Data records
——
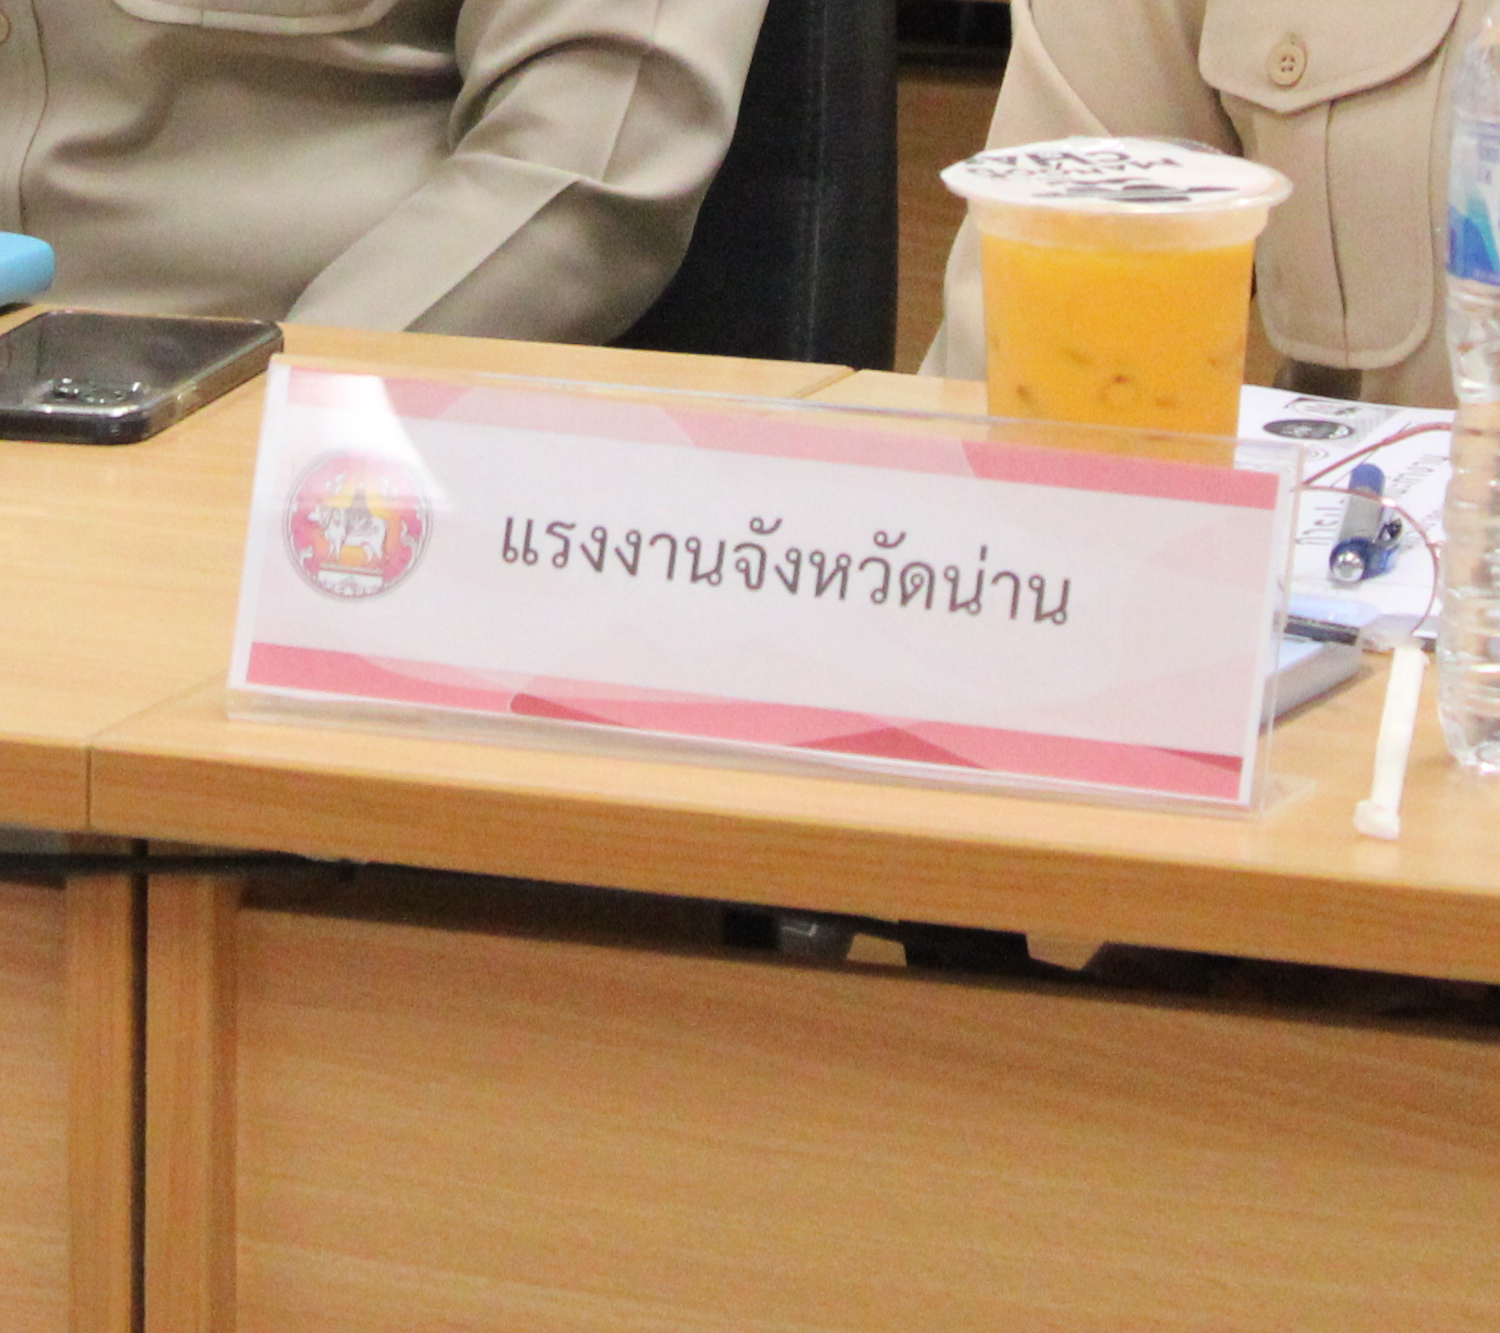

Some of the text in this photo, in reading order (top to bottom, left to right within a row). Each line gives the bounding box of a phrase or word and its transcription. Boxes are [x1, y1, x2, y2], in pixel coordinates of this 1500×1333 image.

[500, 514, 1073, 628] แรงงานจังหวัดน่าน
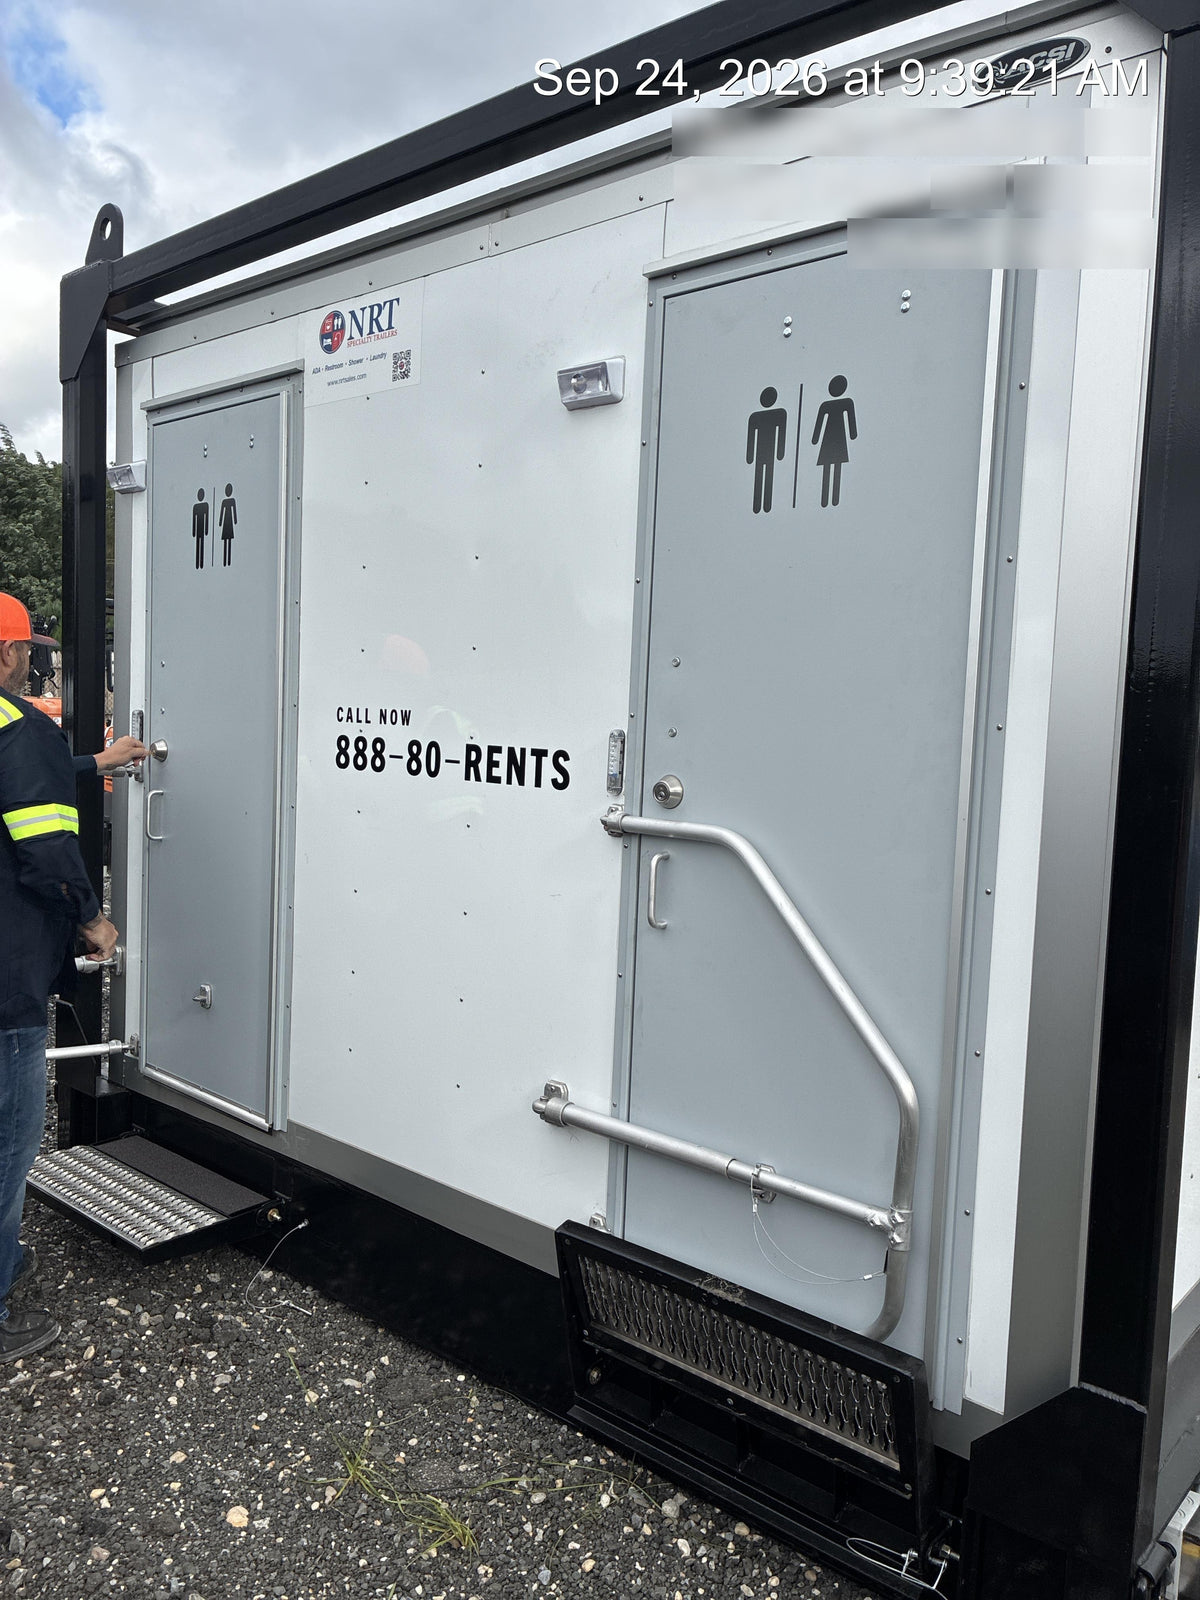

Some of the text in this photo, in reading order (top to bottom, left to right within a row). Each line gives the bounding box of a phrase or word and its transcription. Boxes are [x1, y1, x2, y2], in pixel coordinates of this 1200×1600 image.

[347, 298, 400, 340] NRT
[347, 329, 398, 348] SPECIALTY TRAILERS
[325, 362, 343, 372] Restroom
[348, 358, 364, 367] Shower
[369, 352, 387, 361] Laundry
[336, 706, 412, 726] CALL NOW
[335, 734, 571, 791] 888-80-RENTS
——
Work to be completed:
Would you return all the data exactly as given, minus the pictures?

Solved exercise:
Some of the text in this photo, in reading order (top to bottom, left to right within a row). Each line gives the bounding box of a phrase or word and its transcription. Boxes are [x1, y1, x2, y2], in pixel coordinates of this 1500×1333 image.

[500, 514, 1073, 628] แรงงานจังหวัดน่าน

Some of the text in this photo, in reading order (top to bottom, left to right within a row). Each line gives the bounding box of a phrase or word and its transcription. Boxes are [x1, y1, x2, y2], in pixel coordinates of this 1200×1600 image.

[347, 298, 400, 340] NRT
[347, 329, 398, 348] SPECIALTY TRAILERS
[325, 362, 343, 372] Restroom
[348, 358, 364, 367] Shower
[369, 352, 387, 361] Laundry
[336, 706, 412, 726] CALL NOW
[335, 734, 571, 791] 888-80-RENTS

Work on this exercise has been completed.